Importance of Information Questions
Most EFL and ESL students struggle to ask questions in class. They have an especially hard time asking open-ended information questions. If teachers want students to make progress in improving their English language skills, it is necessary to give them the needed tools for asking questions, This article examines the nature of information question words, and how teachers can better guide their students in asking more meaningful questions while searching for knowledge.
What Are Information Question Words and What is Their Importance?
We all use information question words in our daily lives to find out extensive information about people, places, and things. If we did not ask these questions, we would only be confirming or denying what we think we know in close-ended yes or no questions like "Do you live in China?" and "Did you go to school yesterday?" In finding out more about persons, places, and things, we have to ask information questions that begin with the words, who, what, when, where, how, why, which, and whose.

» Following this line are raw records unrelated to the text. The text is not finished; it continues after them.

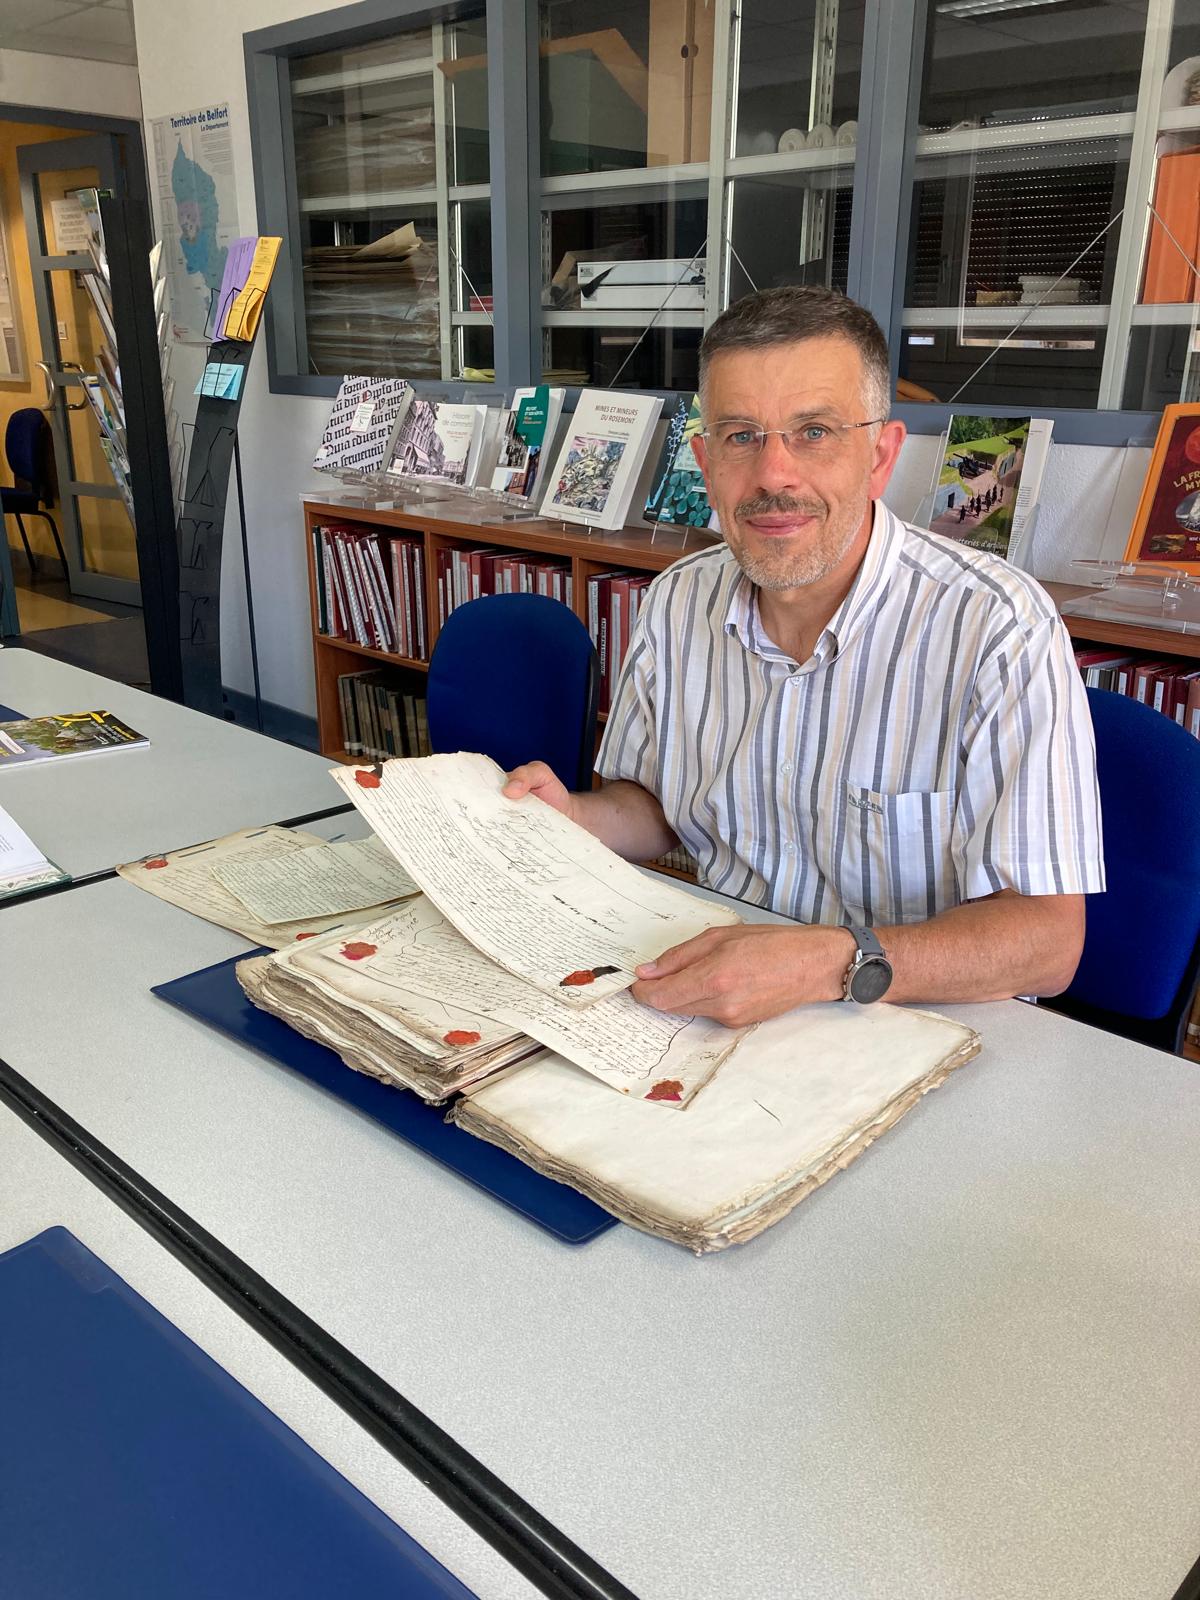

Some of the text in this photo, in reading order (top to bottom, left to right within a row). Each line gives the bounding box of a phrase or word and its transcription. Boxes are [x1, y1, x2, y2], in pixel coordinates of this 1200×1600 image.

[170, 107, 228, 128] Territoire de Belfort
[595, 405, 609, 413] MINES
[617, 407, 639, 416] MINEURS
[609, 415, 635, 424] ROSEMONT
[1173, 475, 1188, 488] LA
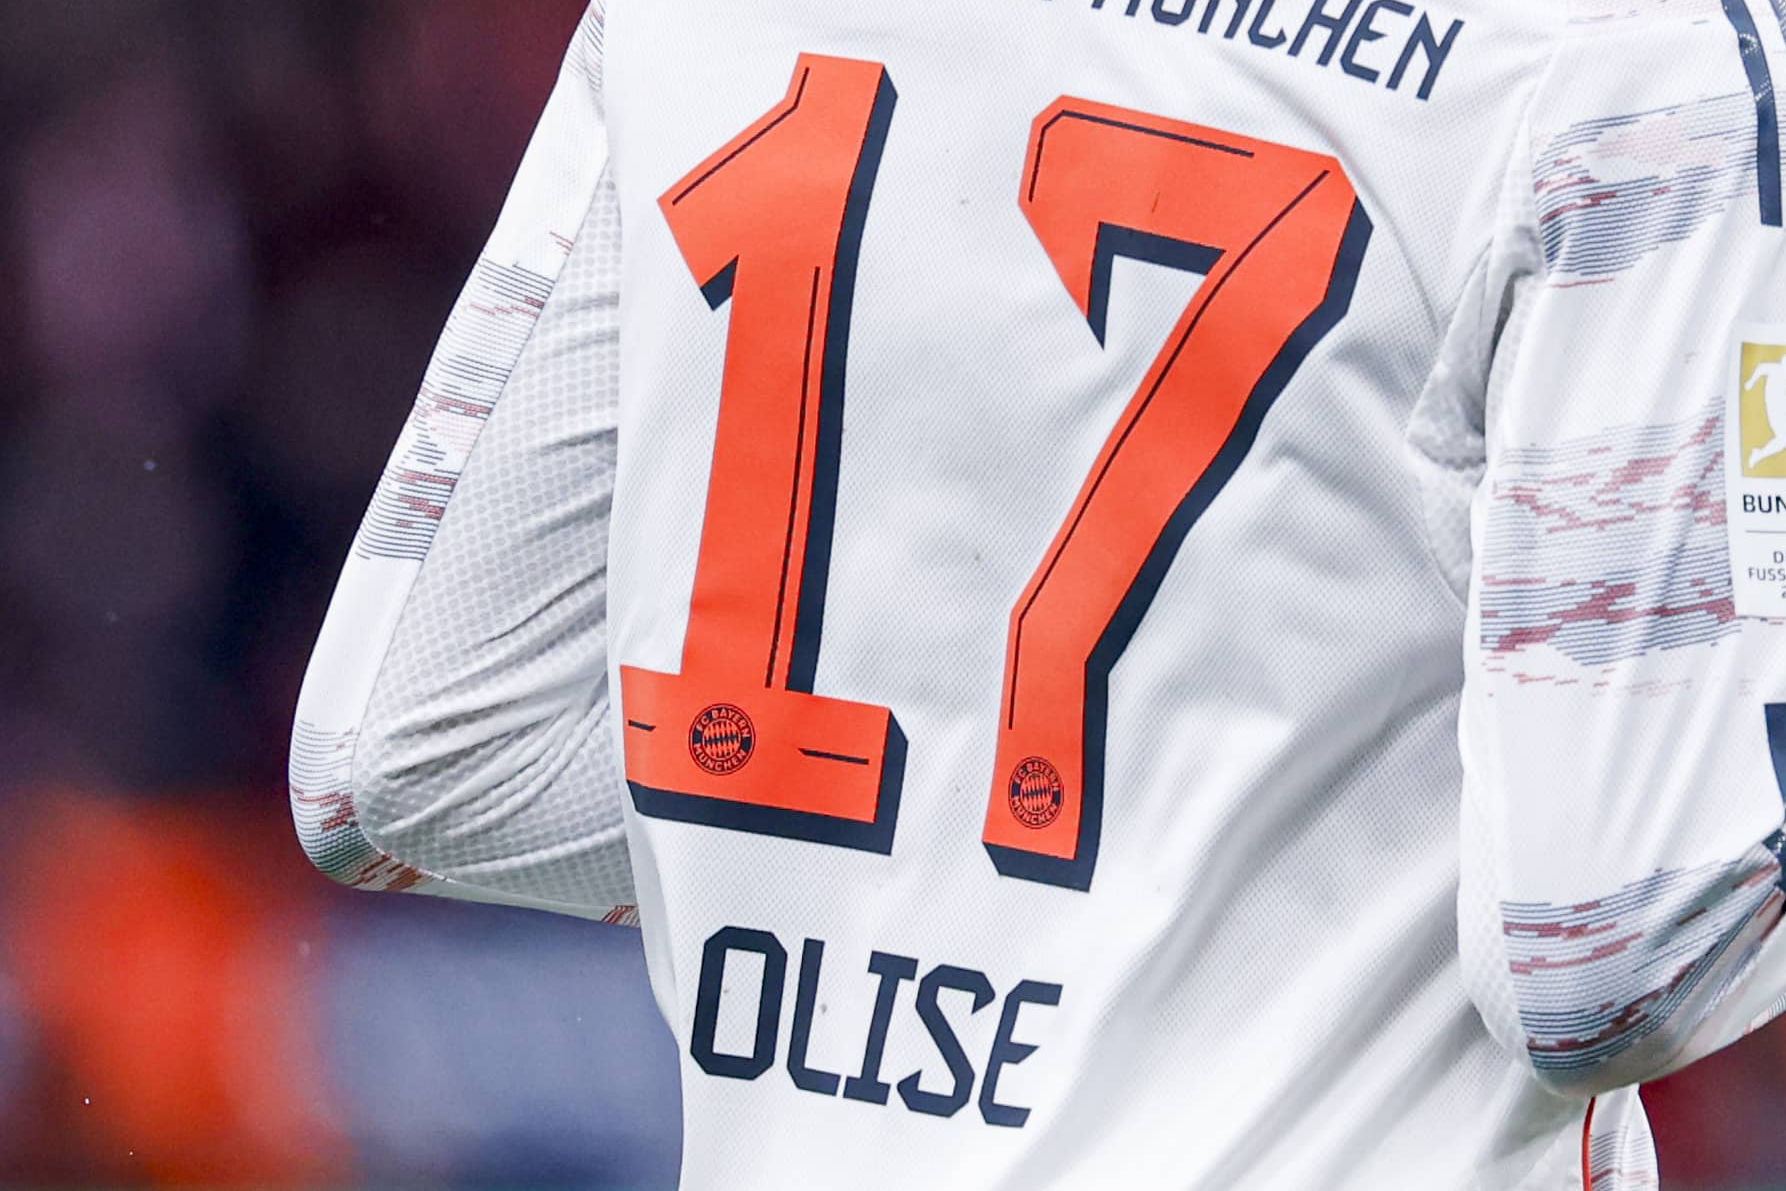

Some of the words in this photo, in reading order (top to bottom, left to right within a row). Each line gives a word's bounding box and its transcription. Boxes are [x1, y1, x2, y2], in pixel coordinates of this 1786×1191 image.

[620, 52, 1375, 893] 17
[711, 707, 751, 738] BAYERN
[690, 925, 1064, 1129] OLISE
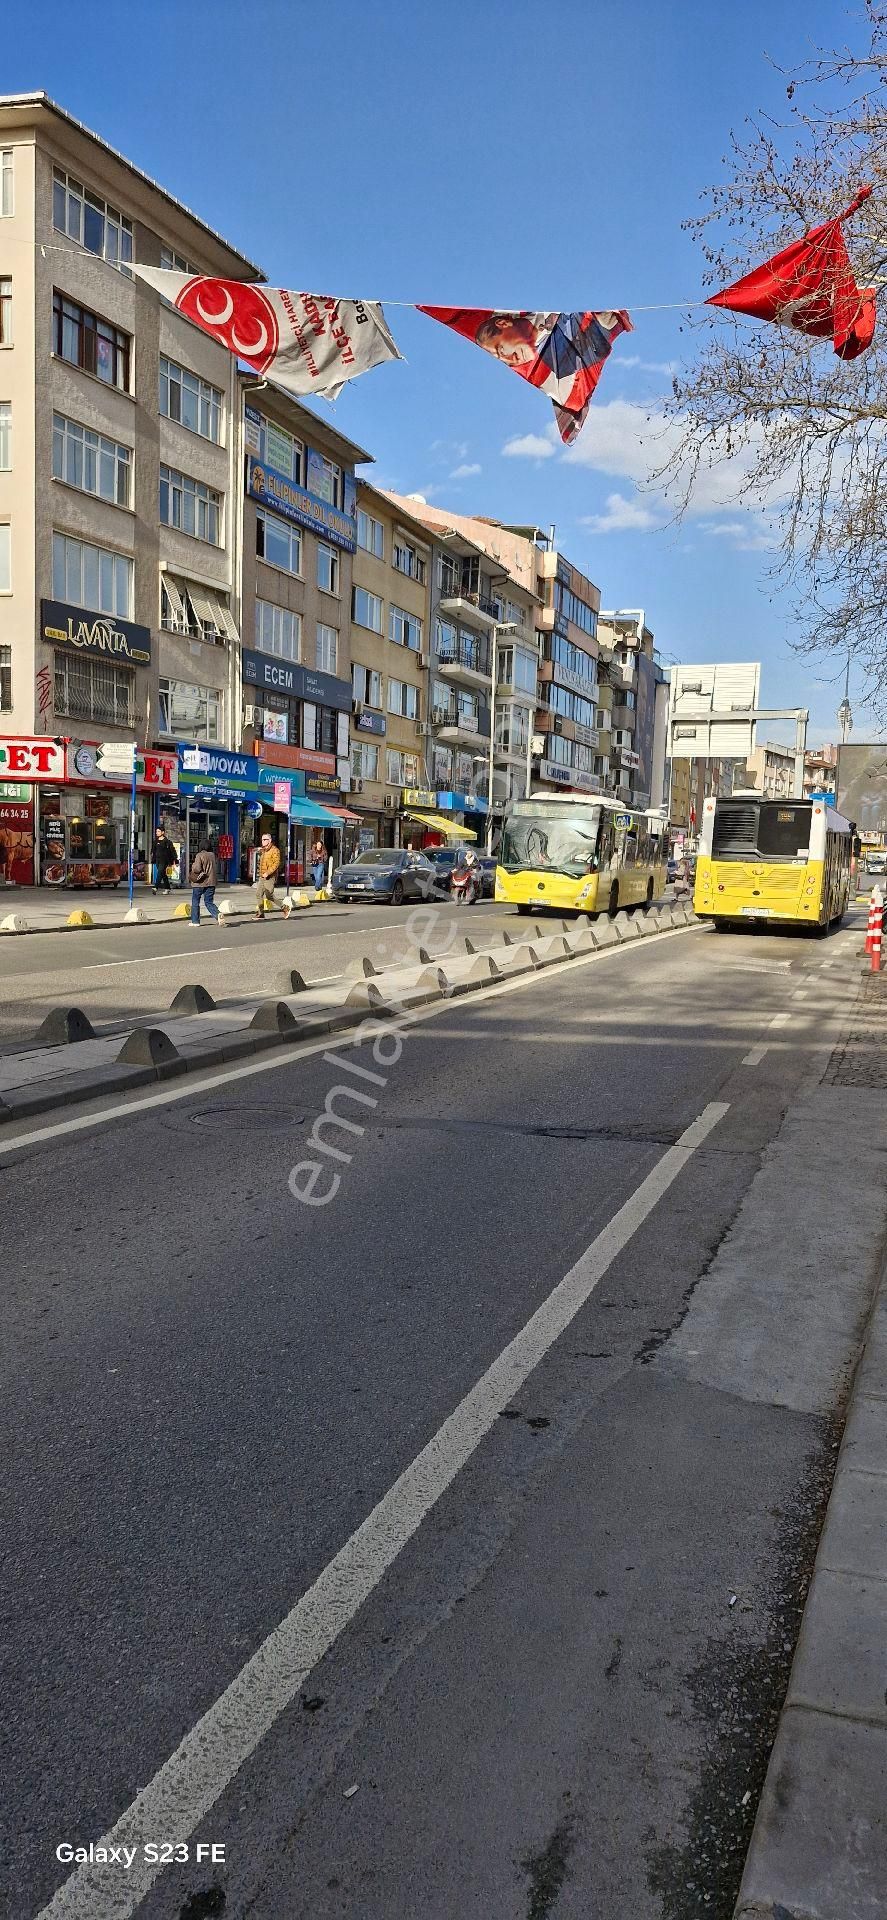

How to Teach EFL and ESL Students to Ask Information Questions
1. Explain The Meaning And Function of Question Words
The first step in teaching EFL and ESL students how to ask information question words is to explain the meaning and function of question words. I would suggest using word associations to explain the meanings of question words. For example, in introducing the meaning of "what," I would associate this word with things like cars and houses, and also with names like Mary and Tom. I would also associate "what" with actions like writing and sleeping.
The function of question words will also help students understand their meanings. Let's consider the question word, "whose." After associating "whose" with words like his, her, your, and yours, I would point out that "whose" and its associations all function as pronouns in sentences.
2, Use Cloze Exercises to Assess Student's Understanding of Question Words
I would do this by providing an underlined answer and then having the student select the correct question word for a question. For instance, the student would be given a sentence like:
_________ did you go yesterday? I went to the mall.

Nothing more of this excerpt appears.